▸ Exercise material:
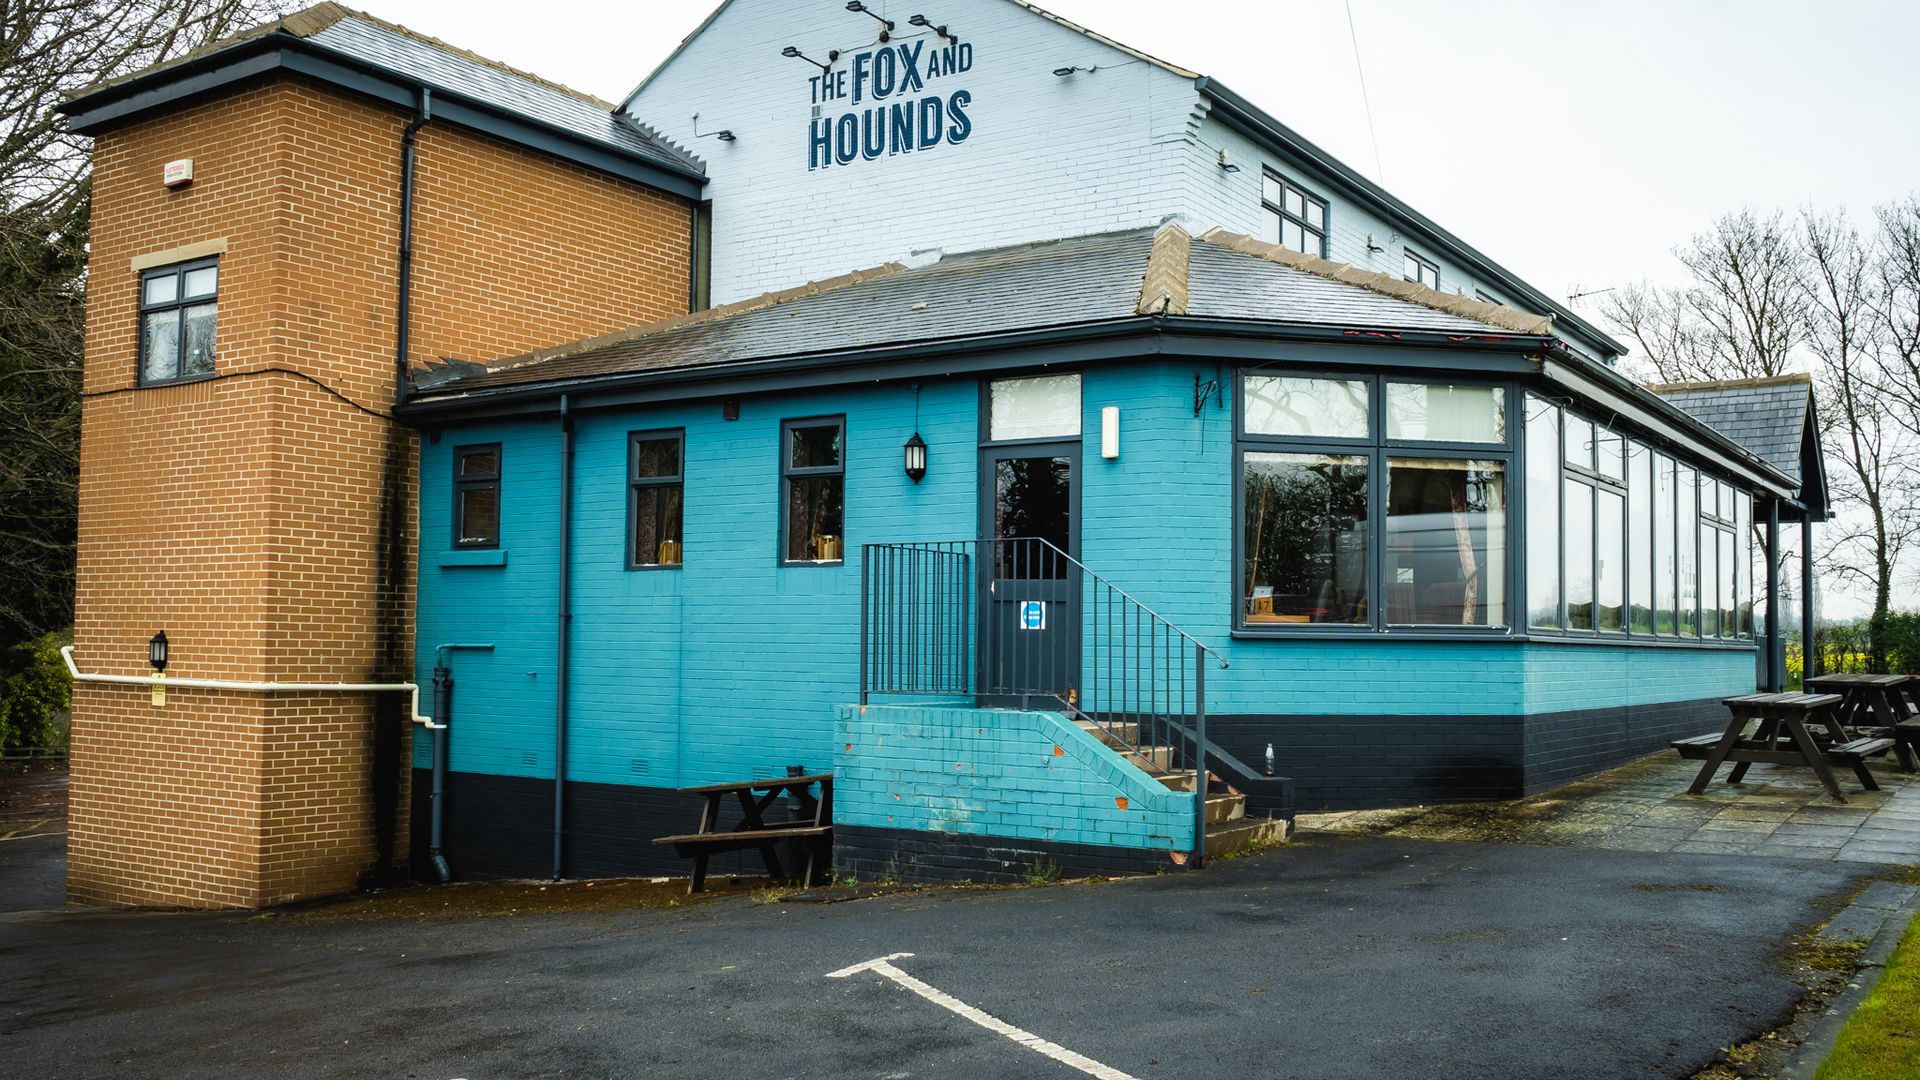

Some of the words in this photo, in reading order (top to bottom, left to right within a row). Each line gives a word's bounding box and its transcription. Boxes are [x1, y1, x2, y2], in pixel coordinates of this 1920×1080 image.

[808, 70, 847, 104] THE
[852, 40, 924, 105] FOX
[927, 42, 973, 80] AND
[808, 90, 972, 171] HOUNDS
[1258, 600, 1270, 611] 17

▸ Aim of the exercise: Type out each line of the records above exactly, skipping any pictures.

▸ Exercise result:
Some of the words in this photo, in reading order (top to bottom, left to right within a row). Each line gives a word's bounding box and its transcription. Boxes are [x1, y1, x2, y2], in pixel coordinates of this 1920×1080 image.

[808, 70, 847, 104] THE
[852, 40, 924, 105] FOX
[927, 42, 973, 80] AND
[808, 90, 972, 171] HOUNDS
[1258, 600, 1270, 611] 17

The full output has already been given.